Robotika #2 comic book, Published by Archaia Studios Press. Back cover illustration and color by me, front cover color by me over line art by Robotika writer/artist Alex Sheikman.
In 2007 I illustrated and lettered an issue of the comic book series SE7EN, based on the David Fincher film. The comic book intersects the events of the movie from the point of view of the killer John Doe.
We did not have permission to use the movie actors' likenesses, which is unfortunate as I'm quite good at likenesses.
These are selected pages from the book. The script was by Kabuki creator David Mack.
Client: Zenescope Entertainment
Drawn on 80 lb. Strathmore off-white drawing paper, framed with artist's masking tape.
First I shaved graphite dust into a bowl from a graphite stick using a sandpaper block. Then I brushed the graphite dust onto the drawing paper and blotted it down - rubbing it into the tooth of the drawing paper - using a paper towel.
My drawing tools were a Pentel mechanical pencil, a Tombow Mono zero eraser pen, and various rolled paper blending stumps.
Add time plus music and...voilà
One of my cover illustrations for the alt weekly magazine.
Client: Boston's Weekly Dig
Art Director: Tak Toyoshima
Pittsburgh City Paper art director Lisa Cunningham was willing to overlook the fact that I'd never been to Pennsylvania and hired me to illustrate a cover featuring a spoof on the immensely popular video game Grand Theft Auto.
The story was about Pittsburgh trying to encourage video game companies to set up shop in steel town and hold on to the few that were already there.
I was asked to draw
1.) the Pittsburgh TV news helicopter
2.) a big haired beer swigging bikini girl (try saying that fast five times)
3.) a kid doing a "wheelie" on a bicycle (do they call it that anymore?)
4.) a car forced to make a detour (apparently there was an excess of road work being done in Pittsburgh)
5.) a mullet haired Steelers fan
6.) the local sightseeing ferryboat
7.) an old "punk" lady
8.) a couple with matching sunglasses, and
9.) a police wheel boot. Careful where you park once you've made that detour, pal!
Each image was drawn separately (ink on paper), scanned and colored in Photoshop, then pasted into the framework I created based on other Grand Theft Auto ads. Lisa added the CP logo and additional lettering.
Not only was I allotted just four days to do this cover, I did it while I had the flu.
Portrait illustrations of vampires from the African continent for the multiplayer collectible card game Vampire: the Eternal Struggle.
Client: White Wolf Publishing
David Mack and I first met in 1999 and, as mutual fans of each other's work, within a year we were discussing the possibility of collaborating on a Kabuki spin-off comic book series focused on his Siamese Noh agents.

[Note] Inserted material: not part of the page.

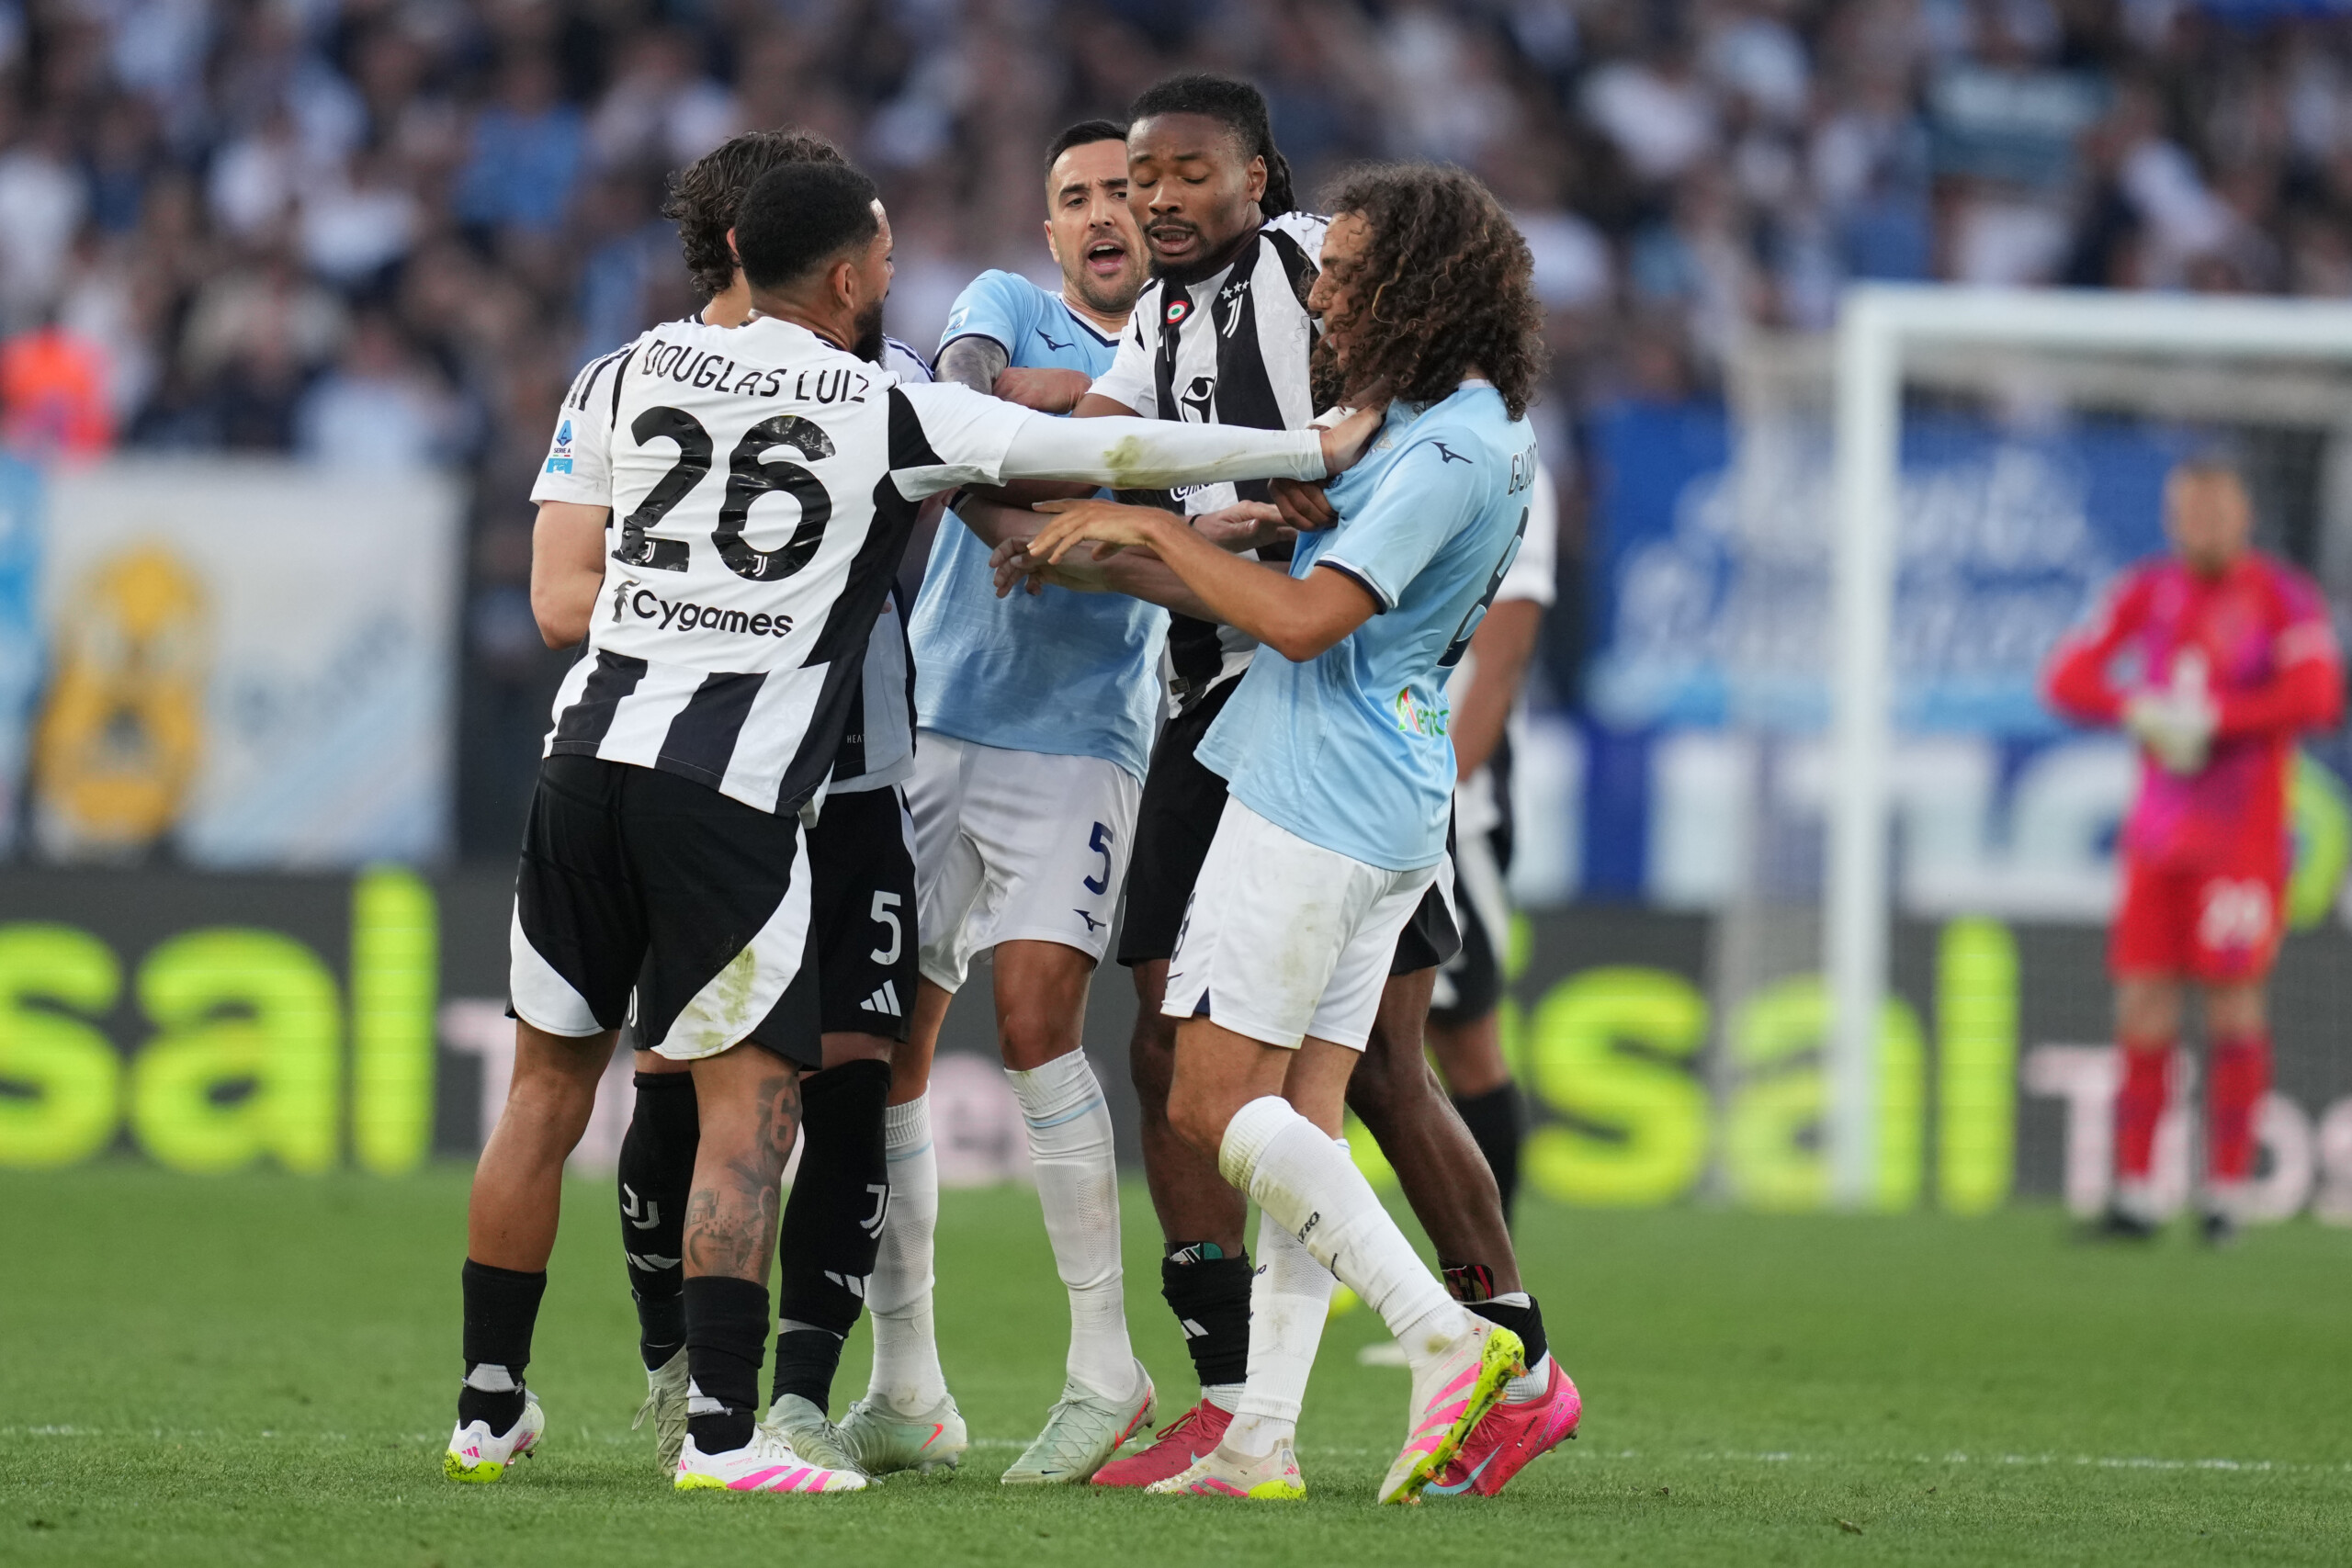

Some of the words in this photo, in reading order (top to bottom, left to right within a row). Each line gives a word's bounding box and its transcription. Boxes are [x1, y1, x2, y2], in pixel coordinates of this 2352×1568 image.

While we eventually collaborated on a SE7EN comic together, as with many things in publishing the Siamese series never happened. But I did get the chance to do these drawings of Mack's amazing characters, which was a lot of fun.
I was among a handful of artists who were commissioned to design an animated Batman character for The Learning Company.
The notes were to do it using as few lines as possible and keep as far away from Bruce Timm's Batman the Animated Series style as possible, while still making it kid friendly.
The artist who won the job was of course the one that made his Batman most like Bruce Timm's. Meaning not me.
So take it from me (and Batman): he who follows the rules is bound to lose!
Client: Lightsource Studios
Art Director: Frank Cirocco
This cover - commissioned for a Matrix/Ghost in the Shell influenced RPG book set in Hong Kong - was sadly never published.
I will say I was very new to digital coloring when I did this and I learned a lot as I was doing it - while meanding a broken wrist that made it impossble for me to draw - so for that reason alone I'm glad of the experience.
Another pencil/graphite style experiment for a graphic novel I’m nearly finished writing. (color was added very quickly in Photoshop)
This was a piece of original art I produced for the Wonder Woman Day art auction benefiting domestic violence charities and women's shelters.
11 x 17 inches, ink on bristol board
My illustration of the fabled Japanese shapechanger from the Werewolf: The Apocalypse sourcebook PLAYERS GUIDE TO THE CHANGING BREEDS.
9x12 inches, ink on paper
Client: White Wolf Publishing
Art Director: Aileen Miles
The book TECHNOCRACY: VOID ENGINEERS was a deep space sci-fi take of the game Mage: the Ascension.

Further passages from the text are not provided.